[Text-to-region grounding data]
● ● ●

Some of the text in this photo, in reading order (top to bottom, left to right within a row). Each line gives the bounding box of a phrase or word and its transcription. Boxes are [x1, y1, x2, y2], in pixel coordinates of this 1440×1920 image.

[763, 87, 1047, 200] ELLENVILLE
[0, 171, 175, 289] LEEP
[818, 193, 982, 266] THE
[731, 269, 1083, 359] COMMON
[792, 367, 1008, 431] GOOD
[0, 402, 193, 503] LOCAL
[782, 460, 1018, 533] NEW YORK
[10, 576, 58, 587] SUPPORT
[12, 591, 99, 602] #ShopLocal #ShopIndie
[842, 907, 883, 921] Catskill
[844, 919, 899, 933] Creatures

● ● ●

WHAT IS EXPECTED ->
Print all records shown above, word for word.

EXERCISE RESULT ->
Some of the text in this photo, in reading order (top to bottom, left to right within a row). Each line gives the bounding box of a phrase or word and its transcription. Boxes are [x1, y1, x2, y2], in pixel coordinates of this 1440×1920 image.

[763, 87, 1047, 200] ELLENVILLE
[0, 171, 175, 289] LEEP
[818, 193, 982, 266] THE
[731, 269, 1083, 359] COMMON
[792, 367, 1008, 431] GOOD
[0, 402, 193, 503] LOCAL
[782, 460, 1018, 533] NEW YORK
[10, 576, 58, 587] SUPPORT
[12, 591, 99, 602] #ShopLocal #ShopIndie
[842, 907, 883, 921] Catskill
[844, 919, 899, 933] Creatures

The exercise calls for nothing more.